## TASK STATEMENT
Please retype all of the entries that follow, leaving the images out.

Start of Block

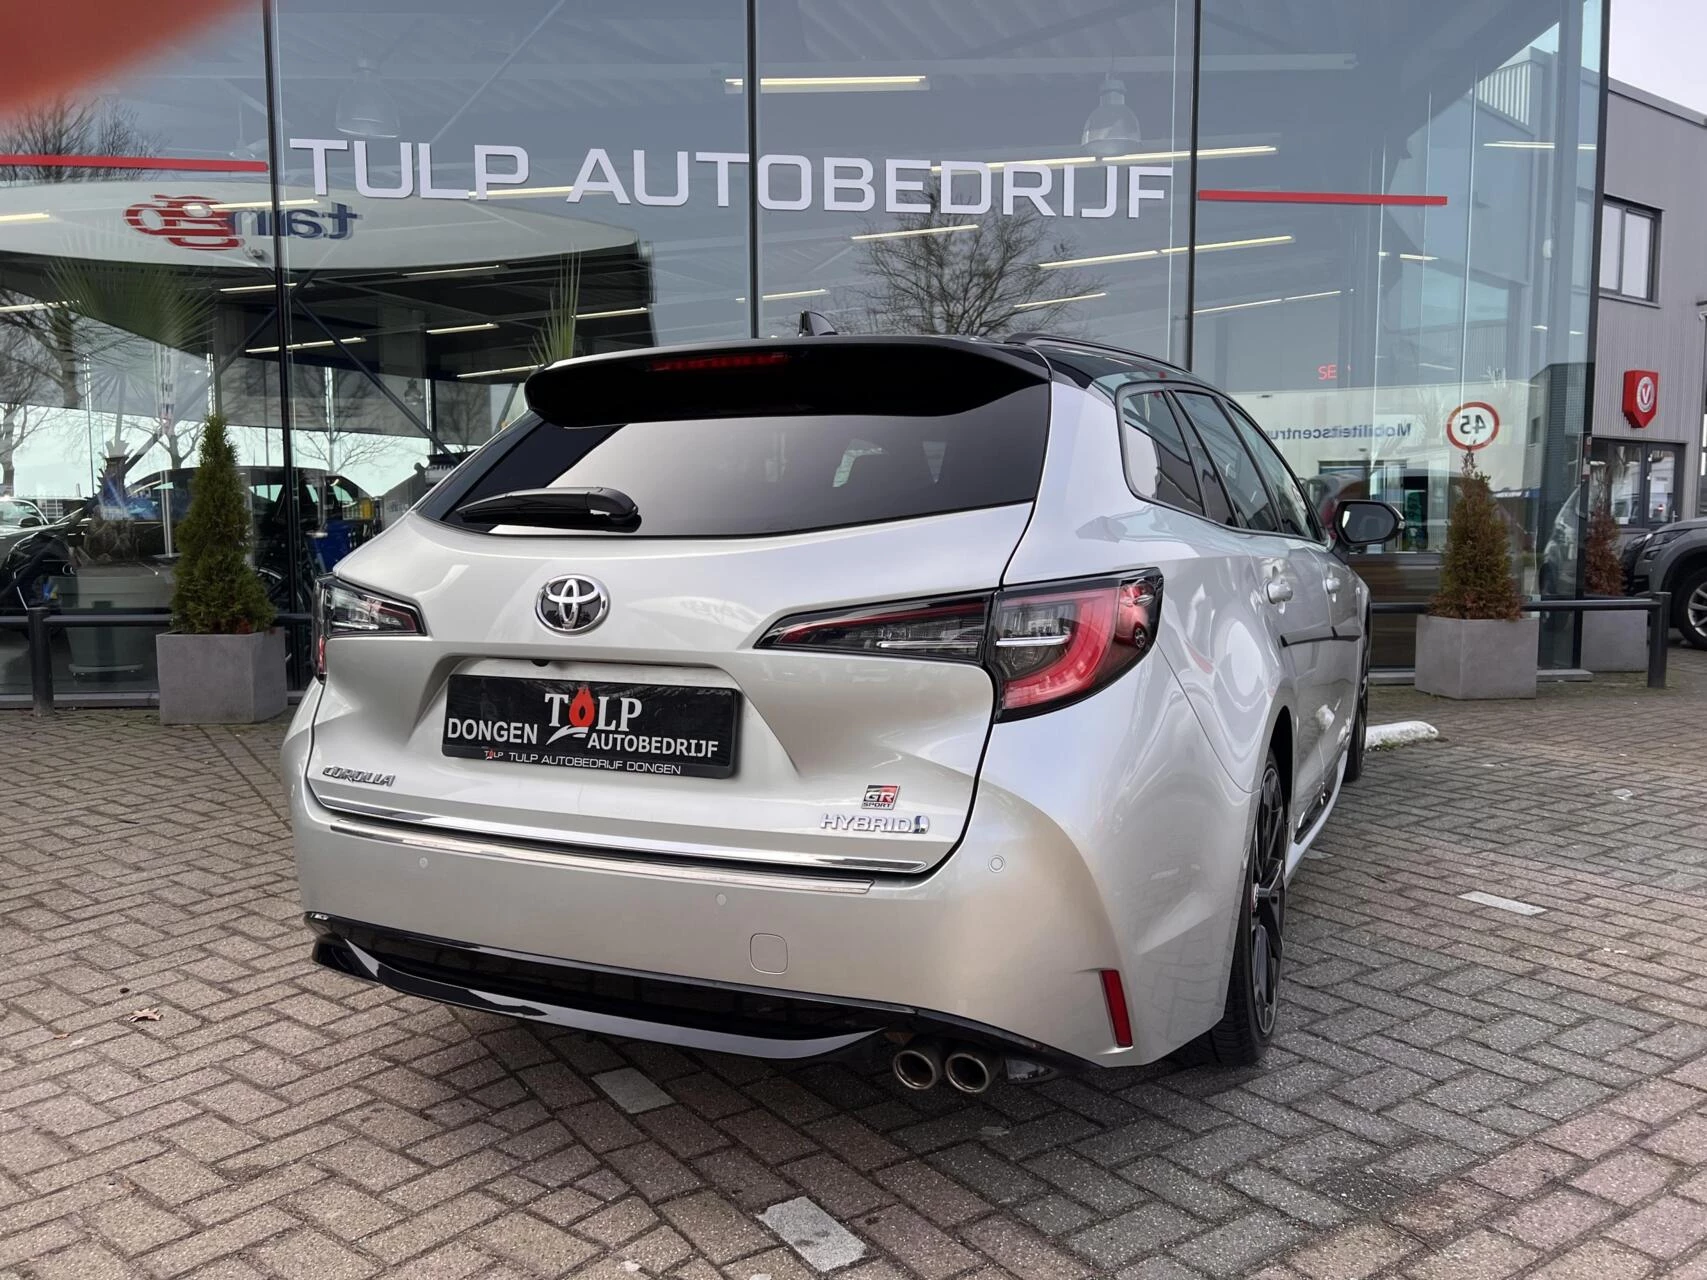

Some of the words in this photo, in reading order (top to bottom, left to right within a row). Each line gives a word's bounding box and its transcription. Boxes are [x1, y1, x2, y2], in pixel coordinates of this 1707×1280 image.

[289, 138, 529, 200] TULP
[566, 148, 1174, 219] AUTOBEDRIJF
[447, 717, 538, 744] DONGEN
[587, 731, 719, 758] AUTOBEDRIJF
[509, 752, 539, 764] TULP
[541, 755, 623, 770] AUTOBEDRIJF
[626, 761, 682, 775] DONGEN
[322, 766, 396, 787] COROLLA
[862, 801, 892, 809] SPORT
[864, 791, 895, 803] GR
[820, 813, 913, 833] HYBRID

End of Block

## RESPONSE
Some of the words in this photo, in reading order (top to bottom, left to right within a row). Each line gives a word's bounding box and its transcription. Boxes are [x1, y1, x2, y2], in pixel coordinates of this 1707×1280 image.

[289, 138, 529, 200] TULP
[566, 148, 1174, 219] AUTOBEDRIJF
[447, 717, 538, 744] DONGEN
[587, 731, 719, 758] AUTOBEDRIJF
[509, 752, 539, 764] TULP
[541, 755, 623, 770] AUTOBEDRIJF
[626, 761, 682, 775] DONGEN
[322, 766, 396, 787] COROLLA
[862, 801, 892, 809] SPORT
[864, 791, 895, 803] GR
[820, 813, 913, 833] HYBRID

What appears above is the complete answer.